Why then did droplets of concern pool at her gut when yet another person had to know about her… disease? “I’ll ask again Detective, what brings you to my… hospital room?” She played off her discomfort with an idle shrug and a voice barren of the displeasure lodged in her throat.
“Not into small talk…” He bounced on the balls of his feet. He wasn’t all that tall, broad, and much bigger than her petite frame. His stature against the squished room didn’t work in his favor. “I don’t know if you know this… but I was reassigned from the Harrington case, to reviewing Terrence Gresham’s murder charges with regards to… Michel Gresham.”
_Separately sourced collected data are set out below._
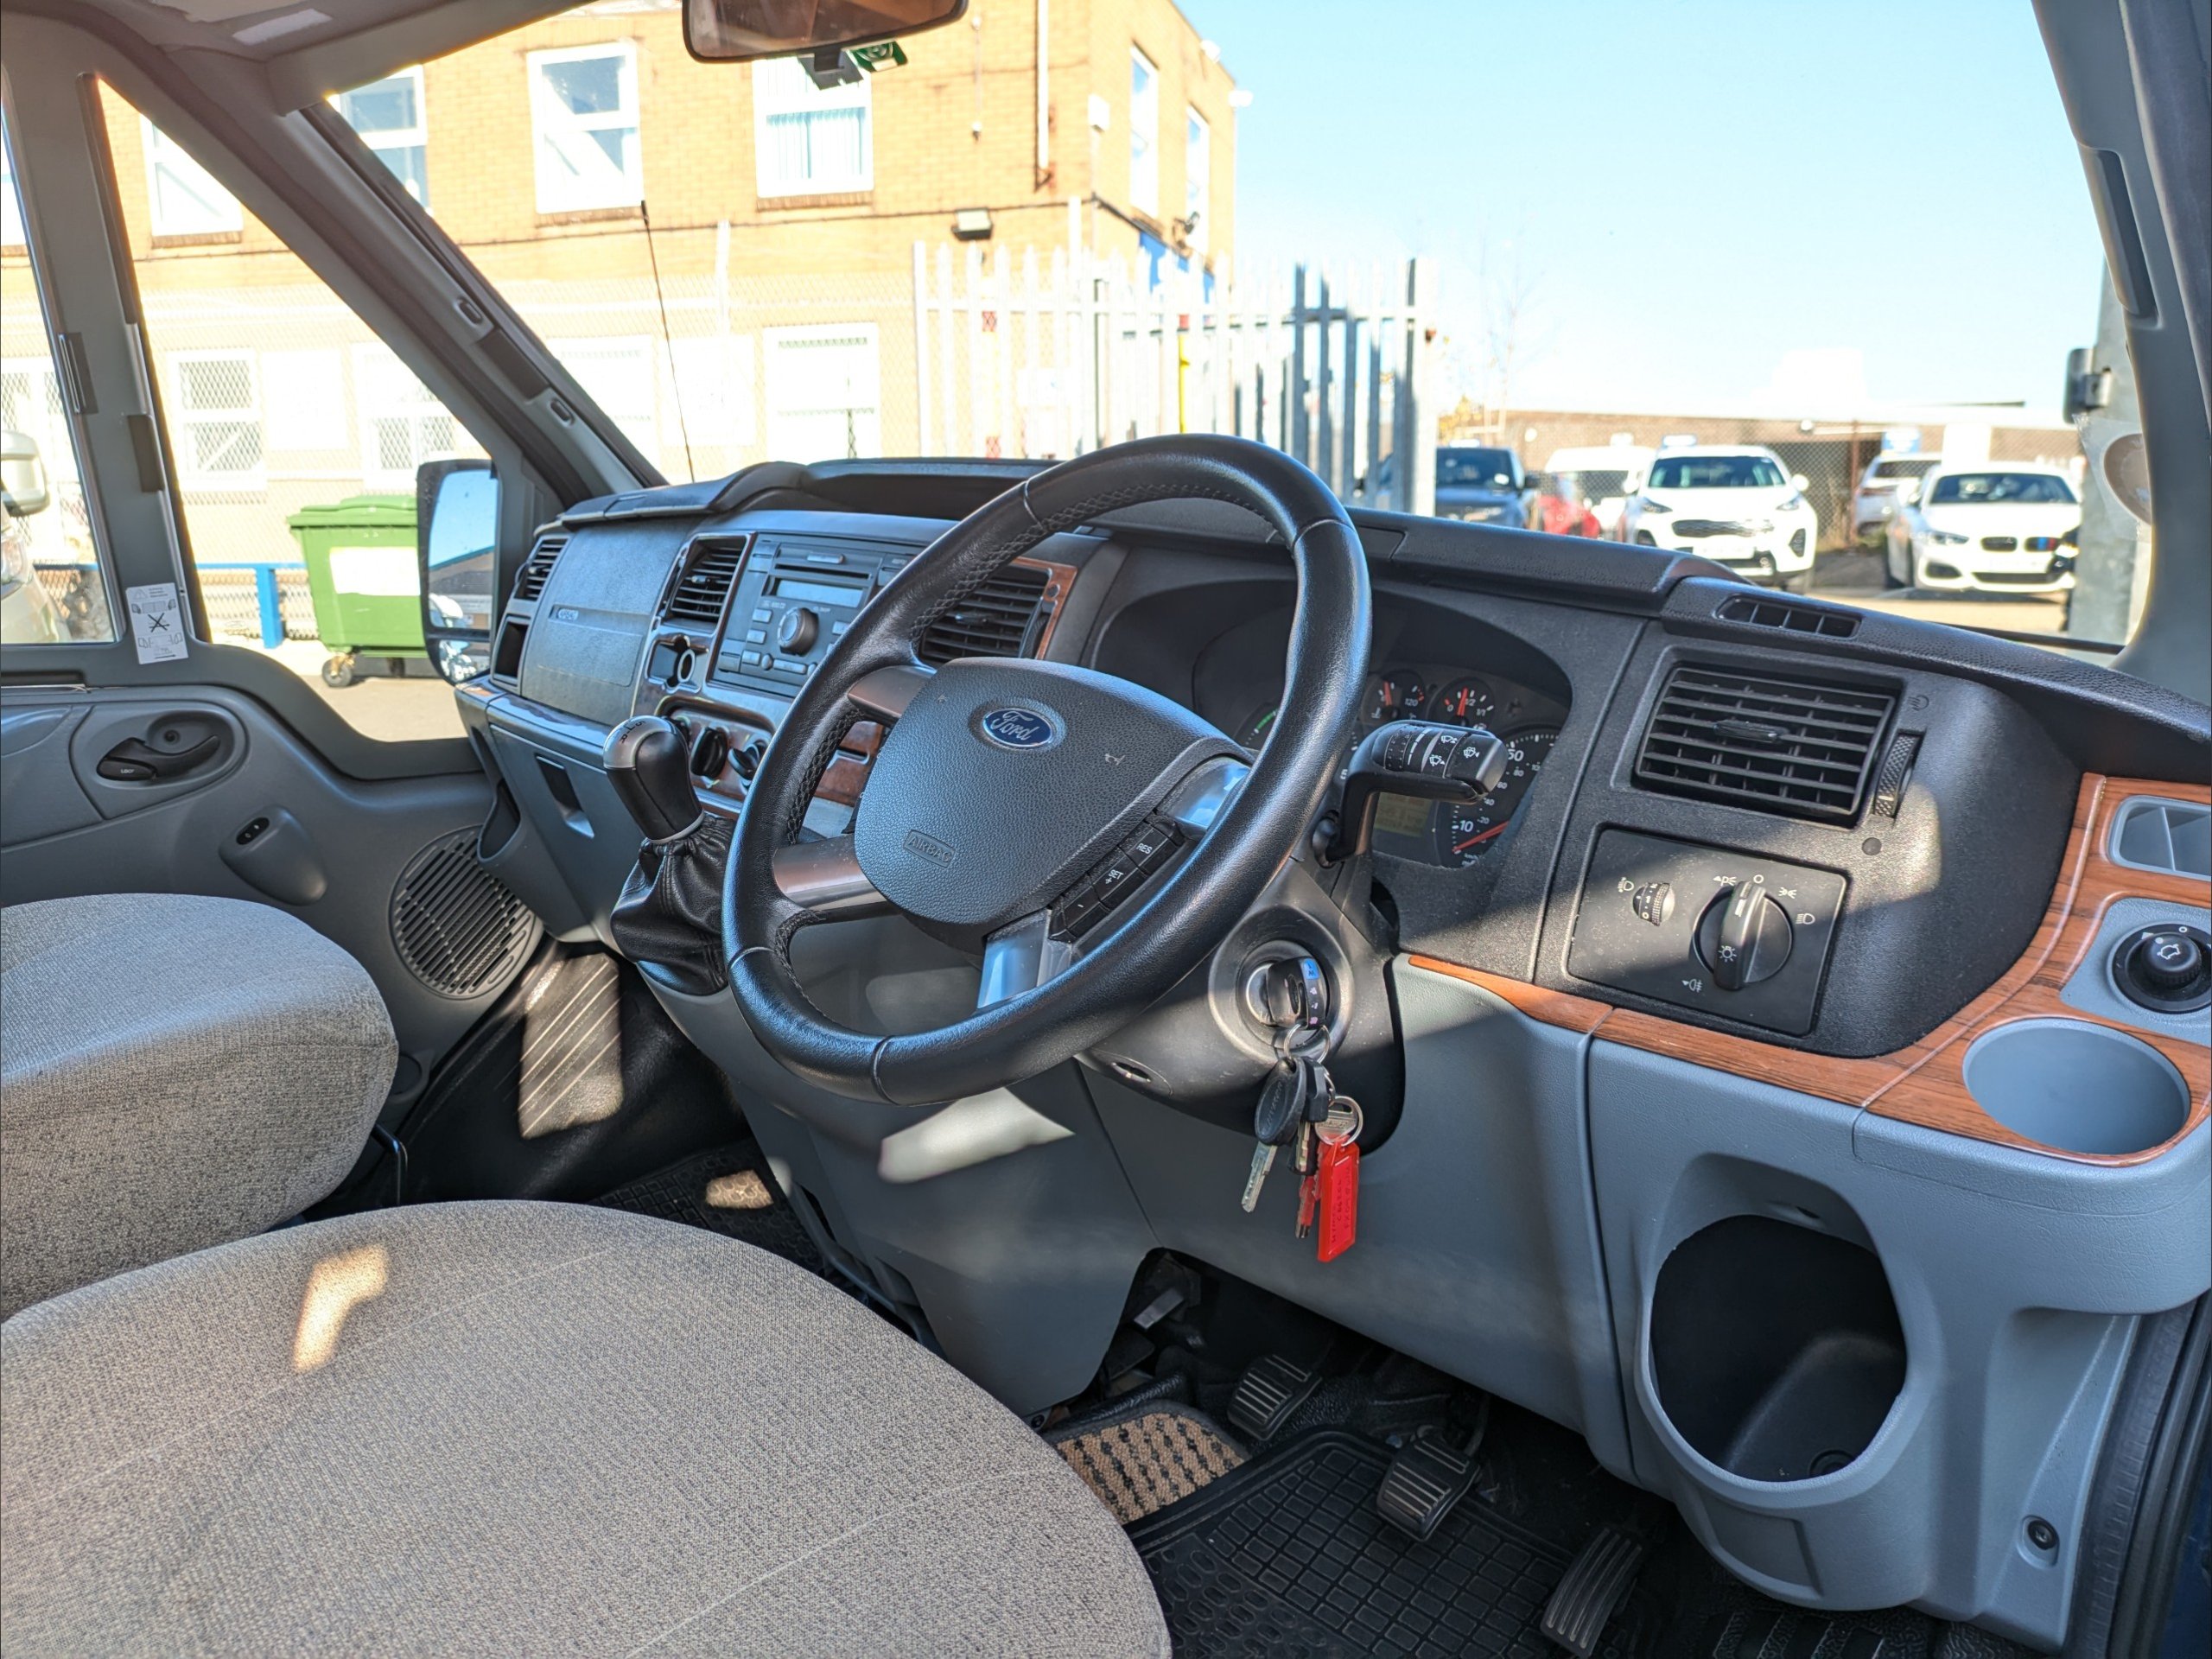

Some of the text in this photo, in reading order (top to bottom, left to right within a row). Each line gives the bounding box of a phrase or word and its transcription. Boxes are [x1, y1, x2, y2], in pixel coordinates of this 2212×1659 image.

[1405, 698, 1419, 707] 120
[990, 710, 1039, 741] Ford
[1459, 819, 1474, 833] 10
[908, 836, 951, 863] AIRBAG
[1136, 842, 1153, 855] RES
He was reassigned to the case the public had called law enforcements to look into. He’d been reassigned from his father’s case to her brothers. He would be digging up old wounds… Were they considered old wounds since the Harrington case had caus
ed them to harsh up new sores?
Terrence Gresham had taken Michel Gresham off life support. He’d been selfish and believed that Michel would be better off buried. There were too many people at fault. For one the medical practitioners at the time, had failed in their duty of care to advise Terrence and prevent him from carrying out such a heinous crime from beneath their noses. The judge that had dismissed the case per incuriam… and even the lawyers that had disgraced the dignified career path by not following up on the case.
He was her father.
He’d been a good father.
He was far from perfect.
He was a killer.
A flawed one.
And he was going to serve the time for his crime.
But Christina Gresham was a lawyer and she would die before she let her father serve time for a crime he probably didn’t commit.
“You’re off the Harrington case?” She sat up further, the starched sheets ruffling beneath her. He nodded.
“Lieutenant Watson and I aren’t exactly seeing eye to eye.” He’d had his hands shoved in his pockets. Detective Harrington shrugged.
“And you’re not going to do anything about it?” He was hesitant to address her. Almost startled by her concern. Wasn’t that what people expected from her? To care less about herself?
“I… we already have our killer. Terrence is already facing criminal charges.”
They’d charged Terrence for the wrong murder.
“You think he did it?” Her question had been a whisper in the wind. He sat by the foot of the bed, he’d left room on the tiny bed, almost unsure. He couldn’t be comfortable, she jumped to the conclusion. She couldn’t see his face. He’d had it fixed on the door. She couldn’t tell what he was feeling.
“I…He already confessed to it…” She’d watched him, from where she’d been seated on the bed. He’d let his head hang solemn on his shoulders. “…I don’t know what I think. I don’t have 28th Precinct’s backing to investigate further… But I promised myself…” He didn’t need to go further for Christina to see the naked man before her.